The AMA says their call for a ban is partly based on the recent spike in lung-related illness with people who use vaping devices. Officials believe the culprit is a thickening agent sometimes added to black-market THC vaping products.
However, Hamilton County health officials say right now that’s just a theory, and the rise in teenage vaping is still a top concern.
In a public meeting Wednesday at the Hamilton County Juvenile Center, officials wanted parents to be aware of what their kids could secretly be doing.
"We know especially the Juuls and some of the vapes are really hard to figure out," said James Ginder, the Health Education Specialist for the Hamilton County Health Department. "Are they vapes, are they USB ports, are they battery packs?"
With an array of vaping products on display, parents were able to learn what the common vapes and e-liquids look like, and the potential dangers they have for youth.
“This is a huge issue and we've already had 4 deaths here in Indiana that have been linked to vaping,” Ginder said.
Across the country, there have been more than than 2,000 cases of lung illness related to vaping. Officials with the CDC say the culprit appears to be a thickening agent called vitamin e acetate, which can sometimes be found in black market THC products.
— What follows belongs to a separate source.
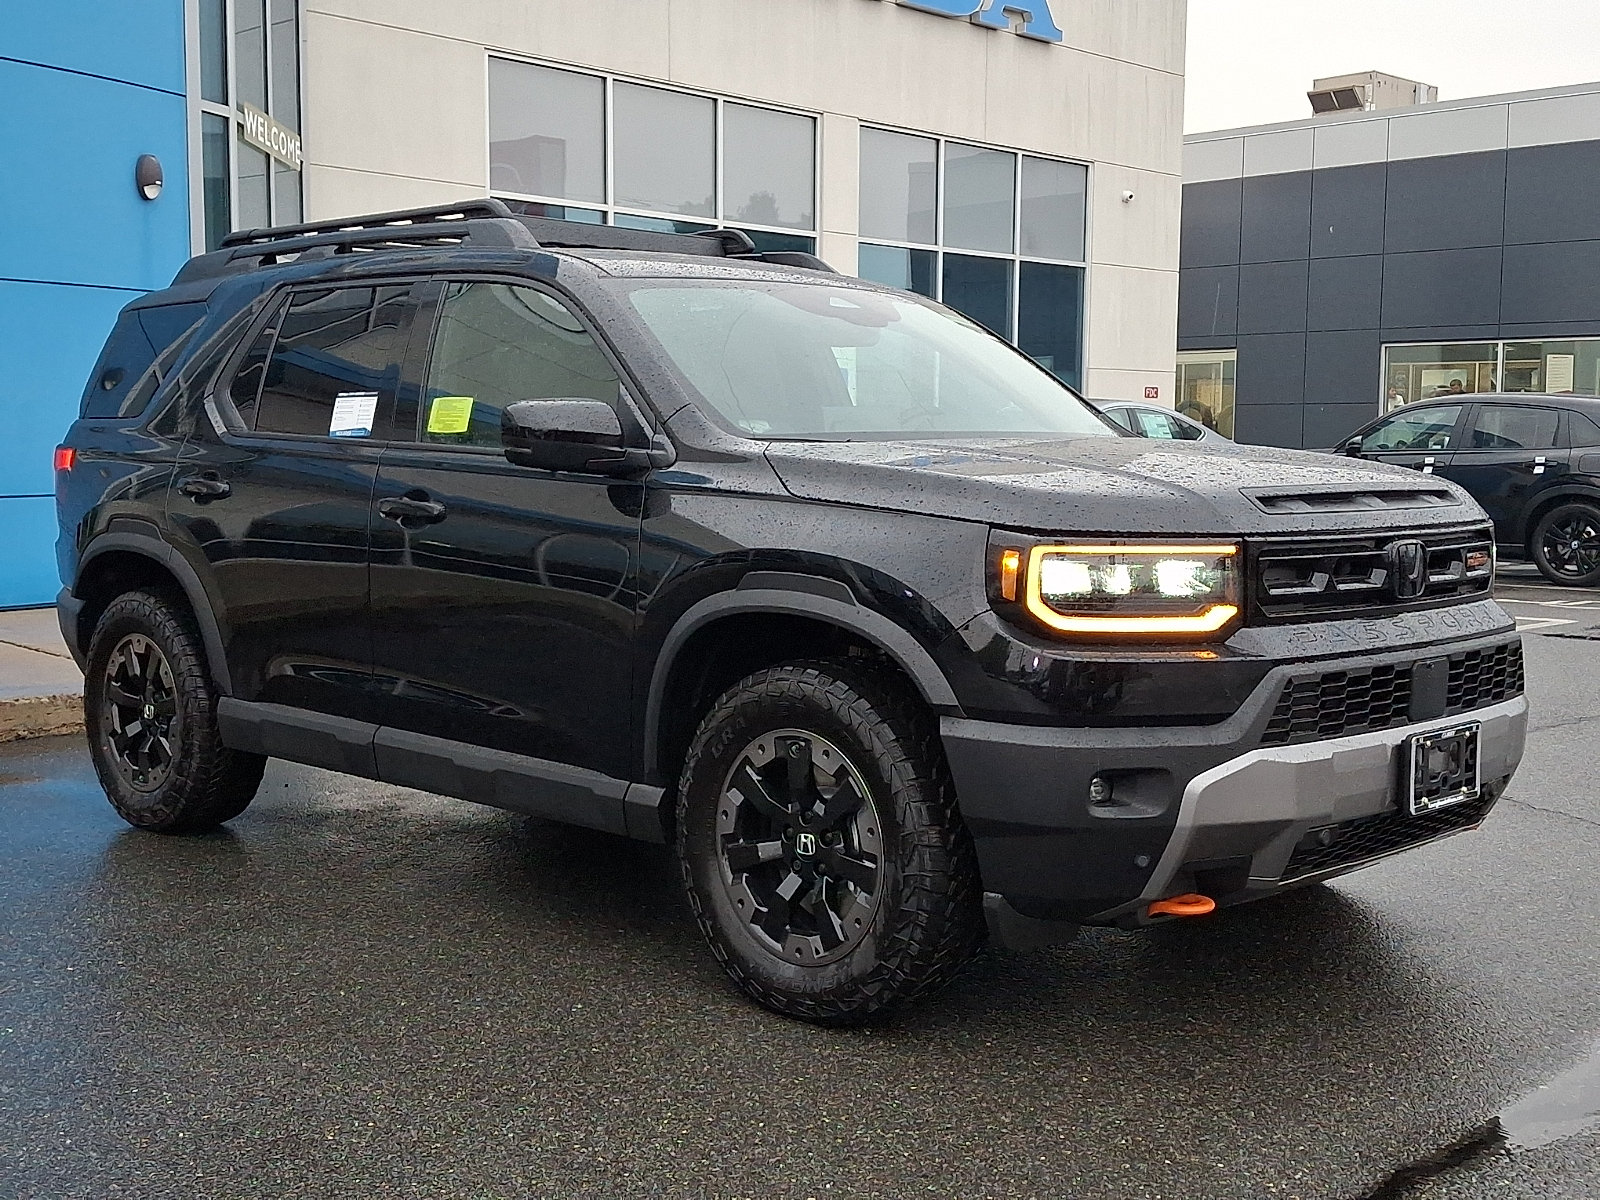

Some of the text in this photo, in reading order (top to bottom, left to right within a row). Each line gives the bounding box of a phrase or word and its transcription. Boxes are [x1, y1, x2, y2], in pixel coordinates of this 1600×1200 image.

[244, 107, 301, 166] WELCOME
[1145, 387, 1158, 398] FDC
[1290, 603, 1497, 651] PASSPORT
However, Hamilton County health officials say right now that’s just a theory, and it's been a challenge to prove it is for sure the culprit.
“When we have cases, it's really important for the individual to give us their device and liquid so we can send it out to the State Department of Health to get tested," Ginder said of patients diagnosed with the illness. "A lot of individuals aren't doing that.”
Officials with local schools were also there. According to the FDA, more than 20% of high school students use e-cigarettes. But according to those on the ground, the number is likely higher.
“I think there's probably 60%-70%," said Brad Osswald, the School Resource Officer at Hamilton Heights High School. "That's what I get from talking to the kids.”
Schools say they’ve started using vape detectors, and teachers are becoming more aware. However, even with writing actual tickets, it’s still common among teens, and officials believe education is still lacking.
“I'm not out to write tickets, I don't get anything from that, it's the education,” Osswald said.
Some school officials said they’ve actually started vaping education classes for students caught using them in class. They’re hoping the increased warnings and patrols will also make a difference in schools.